Problem statement:
Write the listing out once more, identical to the original but without pictures.

** Opening Input block **

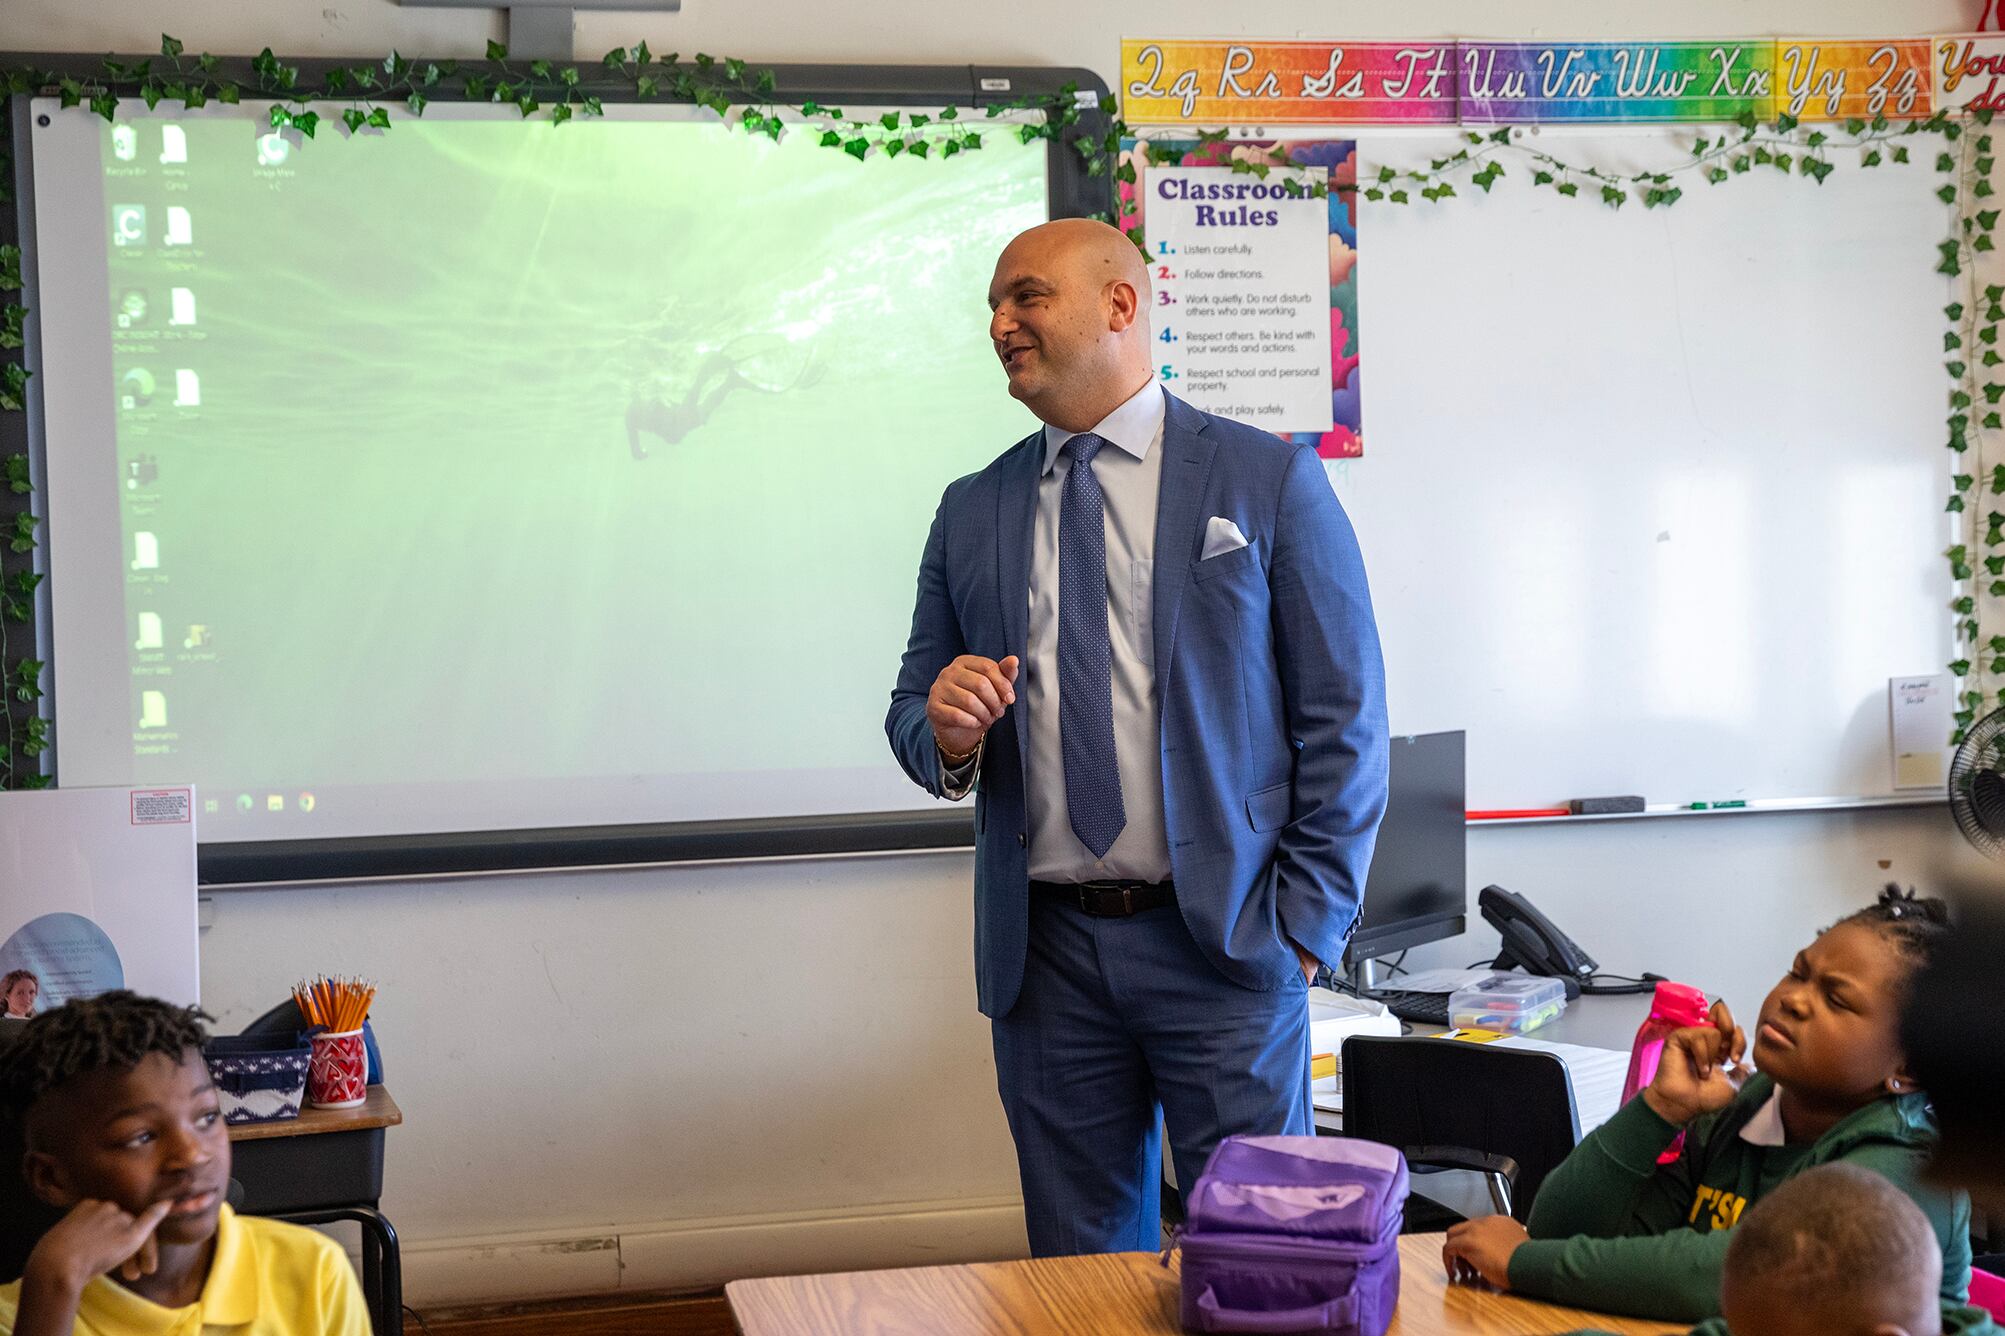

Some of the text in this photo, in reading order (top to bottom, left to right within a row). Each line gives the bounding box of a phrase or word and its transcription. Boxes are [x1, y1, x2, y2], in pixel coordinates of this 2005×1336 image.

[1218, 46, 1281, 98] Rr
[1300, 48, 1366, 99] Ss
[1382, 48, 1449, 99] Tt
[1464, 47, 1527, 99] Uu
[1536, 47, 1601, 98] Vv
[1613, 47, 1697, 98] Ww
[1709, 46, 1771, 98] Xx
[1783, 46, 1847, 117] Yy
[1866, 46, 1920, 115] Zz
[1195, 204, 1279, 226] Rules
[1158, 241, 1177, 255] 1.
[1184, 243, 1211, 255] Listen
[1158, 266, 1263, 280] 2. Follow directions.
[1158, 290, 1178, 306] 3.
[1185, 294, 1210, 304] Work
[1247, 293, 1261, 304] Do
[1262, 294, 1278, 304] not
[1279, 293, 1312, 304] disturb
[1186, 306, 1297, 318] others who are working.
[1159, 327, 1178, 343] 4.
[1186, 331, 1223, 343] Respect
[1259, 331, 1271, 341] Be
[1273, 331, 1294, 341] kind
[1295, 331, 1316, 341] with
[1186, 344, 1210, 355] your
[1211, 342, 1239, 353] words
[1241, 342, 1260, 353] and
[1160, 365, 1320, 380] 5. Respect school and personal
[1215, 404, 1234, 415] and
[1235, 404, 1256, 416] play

** Closing Input block **

Answer to the exercise:
Some of the text in this photo, in reading order (top to bottom, left to right within a row). Each line gives the bounding box of a phrase or word and its transcription. Boxes are [x1, y1, x2, y2], in pixel coordinates of this 2005×1336 image.

[1218, 46, 1281, 98] Rr
[1300, 48, 1366, 99] Ss
[1382, 48, 1449, 99] Tt
[1464, 47, 1527, 99] Uu
[1536, 47, 1601, 98] Vv
[1613, 47, 1697, 98] Ww
[1709, 46, 1771, 98] Xx
[1783, 46, 1847, 117] Yy
[1866, 46, 1920, 115] Zz
[1195, 204, 1279, 226] Rules
[1158, 241, 1177, 255] 1.
[1184, 243, 1211, 255] Listen
[1158, 266, 1263, 280] 2. Follow directions.
[1158, 290, 1178, 306] 3.
[1185, 294, 1210, 304] Work
[1247, 293, 1261, 304] Do
[1262, 294, 1278, 304] not
[1279, 293, 1312, 304] disturb
[1186, 306, 1297, 318] others who are working.
[1159, 327, 1178, 343] 4.
[1186, 331, 1223, 343] Respect
[1259, 331, 1271, 341] Be
[1273, 331, 1294, 341] kind
[1295, 331, 1316, 341] with
[1186, 344, 1210, 355] your
[1211, 342, 1239, 353] words
[1241, 342, 1260, 353] and
[1160, 365, 1320, 380] 5. Respect school and personal
[1215, 404, 1234, 415] and
[1235, 404, 1256, 416] play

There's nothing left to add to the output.